Mgr CDM Programming

Work Schedule

Environmental Conditions

Job Description

Manages a small team within the department responsible for the bioinformatics programming aspects of clinical trials, from design through analysis and reporting. Acts as the lead programmer, project lead, or project oversight lead on multiple projects, overseeing both statistical and programming aspects of clinical trials from design to reporting.
Represents the department to clients on study matters, bid defenses, or submission of clinical data to regulatory authorities. Contributes to proposals and bids, organizes teams, implements study strategies to ensure process and programming efficiencies, and maintains programs for statistical report generation and validation.

• Manages staff, including interviewing and selection, job description preparation, professional development, goal setting, performance management, coaching, mentoring, employee counseling, and separations. Approves salary, hiring, corrective actions, and terminations. Reviews and approves time records, expense reports, leave requests, and overtime. Promotes adherence to PPD Equal Employment Opportunity policies and ensures compliance with scientific, ethical, and regulatory standards.
• Serves as a lead programmer or project lead on studies or drug programs of varying complexity. Works with teams and clients to conduct meetings, develop project timelines, assess resources, and manage budgets and contractual obligations.
• May serve in senior project oversight roles or as a contributor/reviewer for regulatory submissions.
• Provides infrastructure support, including representing the company at industry conferences, developing training materials, contributing to policy documents, and process improvement initiatives.
• Enhances knowledge and skills in programming, clinical trials, and pharmaceutical industry developments for self and team members.
• Promotes the company's visibility through publications and conference presentations.
• Interprets and enforces policies, processes, and procedures within the department, with full knowledge of the functional responsibilities.

Qualifications:
Education and Experience:

• MS/MA in computer science, statistics, biostatistics, mathematics, or related field, with at least 3 years of relevant experience, or
• Bachelor's degree in a related field with at least 5 years of relevant experience, with preference for at least 6 years of clinical trial experience as a statistical programmer and 1 year of leadership experience.

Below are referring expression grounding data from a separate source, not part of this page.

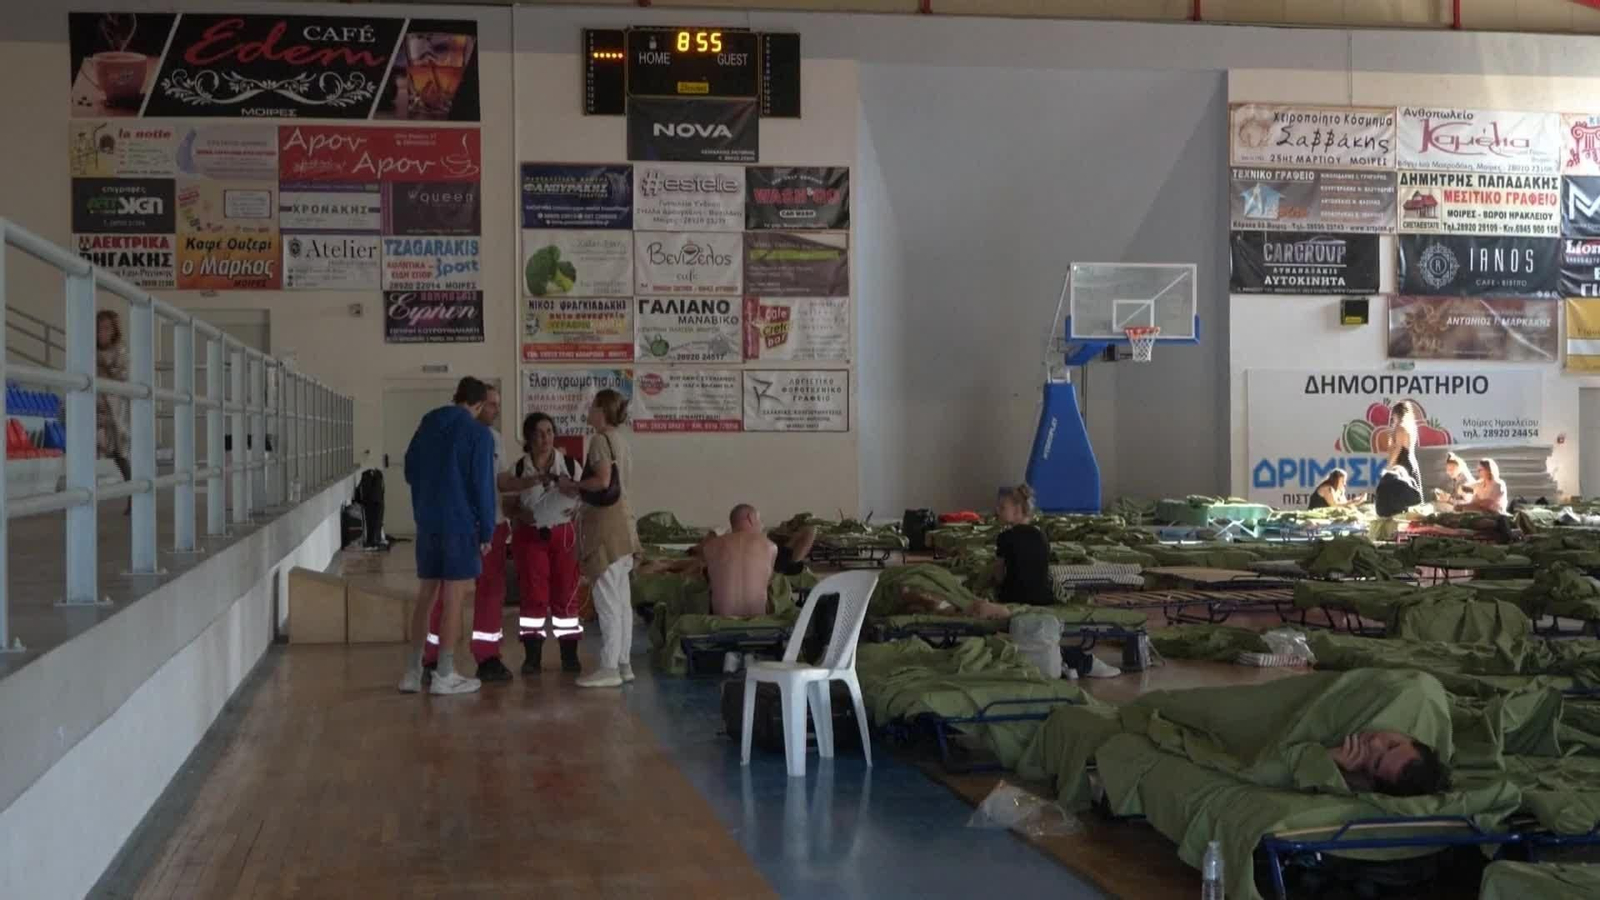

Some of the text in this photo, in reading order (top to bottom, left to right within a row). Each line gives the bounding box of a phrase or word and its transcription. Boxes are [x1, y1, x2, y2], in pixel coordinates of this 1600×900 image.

[303, 24, 376, 43] CAFÉ
[677, 31, 722, 52] 8 55
[184, 17, 386, 67] Edem
[638, 52, 672, 65] HOME
[717, 53, 749, 66] GUEST
[1344, 113, 1391, 129] Κόσμημα
[1403, 108, 1473, 121] Ανθοπωλείο
[653, 122, 732, 138] NOVA
[1295, 156, 1341, 166] ΜΑΡΤΙΟΥ
[1350, 157, 1387, 167] ΜΟΙΡΕΣ
[1233, 169, 1315, 182] ΤΕΧΝΙΚΟ ΓΡΑΦΕΙΟ
[1400, 173, 1559, 190] ΔΗΜΗΤΡΗΣ ΠΑΠΑΔΑΚΗΣ
[1444, 190, 1558, 206] ΜΕΣΙΤΙΚΟ ΓΡΑΦΕΙΟ
[293, 204, 368, 214] ΧΡΟΝΑΚΗΣ
[1447, 210, 1553, 221] ΜΟΙΡΕΣ ΒΩΡΟΙ ΗΡΑΚΛΕΙΟΥ
[306, 239, 377, 259] Atelier
[384, 239, 479, 256] TZAGARAKIS
[1263, 242, 1347, 264] CARGROUP
[1469, 247, 1535, 273] IANOS
[1264, 275, 1346, 286] ΑΥΤΟΚΙΝΗΤΑ
[639, 300, 730, 314] ΓΑΛΙΑΝΟ
[678, 316, 740, 325] ΜΑΝΑΒΙΚΟ
[788, 378, 835, 386] ΛΟΓΙΣΤΙΚΟ
[1305, 375, 1489, 394] ΔΗΜΟΠΡΑΤΗΡΙΟ
[1463, 429, 1540, 440] τηλ. 28920 24454
[1253, 457, 1387, 488] ΔΡΙΜΙΣΚ

Knowledge, Skills and Abilities:

• Strong SAS programming skills and understanding of database structures.
• Excellent organizational skills across projects.
• Ability to independently manage workloads and meet challenging deadlines.
• Adaptability to changing priorities.
• Excellent written and verbal communication skills in English.
• Ability to work effectively in multidisciplinary teams.
• Basic understanding of statistical principles in clinical trial design and analysis.
• Contributing to policy development and programming decisions.
• Strong problem-solving skills.
• Leadership skills demonstrated through project and team management.
• Attention to detail.
• Effective communication with clients, teams, and departments.
• Understanding of project budgeting and risk management.
• Knowledge of clinical trial guidelines (ICH, GCP).
• Delivery-focused and quality-driven approach.